Viking Night: Robocop 2
By Bruce Hall
April 19, 2017
This saddens me. It's like, I don't know, having to make a Bond movie without the theme music.
In fact, the only things about RoboCop 2 that don’t feel like a morbid imitation are Peter Weller and Nancy Allen, although it’s not because I think the Academy needs to go back and smelt any new trophies. It’s just that Weller’s take on this character fascinates me, and I appreciate how his doughy, adorable partner is never reduced to victim status by virtue of her gender OR huggability. If you don’t count her lack of tractor strength, combat armor and night vision, she remains every bit Murphy’s equal.
The only other character I care to note is Hob (Gabriel Damon), a 12-year-old member of the Nuke gang who takes over when RoboCop breaks their leader (Tom Noonan) in half like a road flare. Like his boss, Hob is a sadistic, brutally violent psychopath. But he’s also a child, and at times he seems to have trouble absorbing the madness happening around him. It’s jarring to see a kid the size of a Segway swearing like a longshoreman as he gleefully condemns his enemies to death by bloody chunks.

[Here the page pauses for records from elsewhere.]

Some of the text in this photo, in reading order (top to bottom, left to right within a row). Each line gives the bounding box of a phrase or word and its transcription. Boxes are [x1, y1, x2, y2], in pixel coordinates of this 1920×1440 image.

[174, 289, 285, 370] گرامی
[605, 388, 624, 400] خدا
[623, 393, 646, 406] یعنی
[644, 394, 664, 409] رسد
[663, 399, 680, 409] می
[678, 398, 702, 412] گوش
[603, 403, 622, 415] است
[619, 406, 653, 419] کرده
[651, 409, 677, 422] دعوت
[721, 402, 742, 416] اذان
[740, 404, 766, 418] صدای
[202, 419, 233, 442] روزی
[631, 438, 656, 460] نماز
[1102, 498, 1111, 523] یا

Many critics at the time were appalled (Ebert vomited continuously for a week, as I recall), and I can sympathize with their reasoning. But not only does Damon weirdly turn in the most interesting performance of the film, it bears mentioning that kids like Hob do exist. If you don’t believe me, book a flight to Sierra Leone, or wherever there’s still an airport in El Salvador (or, certain parts of Oakland). The point is, we can argue over whether it was appropriate to include such a character in a silly movie like this, but that discussion would only prove what an abject failure the rest of the story (co-written by Frank Miller who, as you can see, does make mistakes) truly is.
Hob is a red herring. The real crime of RoboCop 2 is the way it squanders a terrific head of narrative steam, ecstatically rubs your face in it, pats itself on the back and then drops the mic as though it accomplished something. The unmitigated gall of it infuriates me, but it’s only because - derivative or not - the story it started out telling was GOING somewhere before being unceremoniously jettisoned, like whatever probably happens when RoboCop goes to the bathroom.
It’s crap storytelling, and it murders childhoods.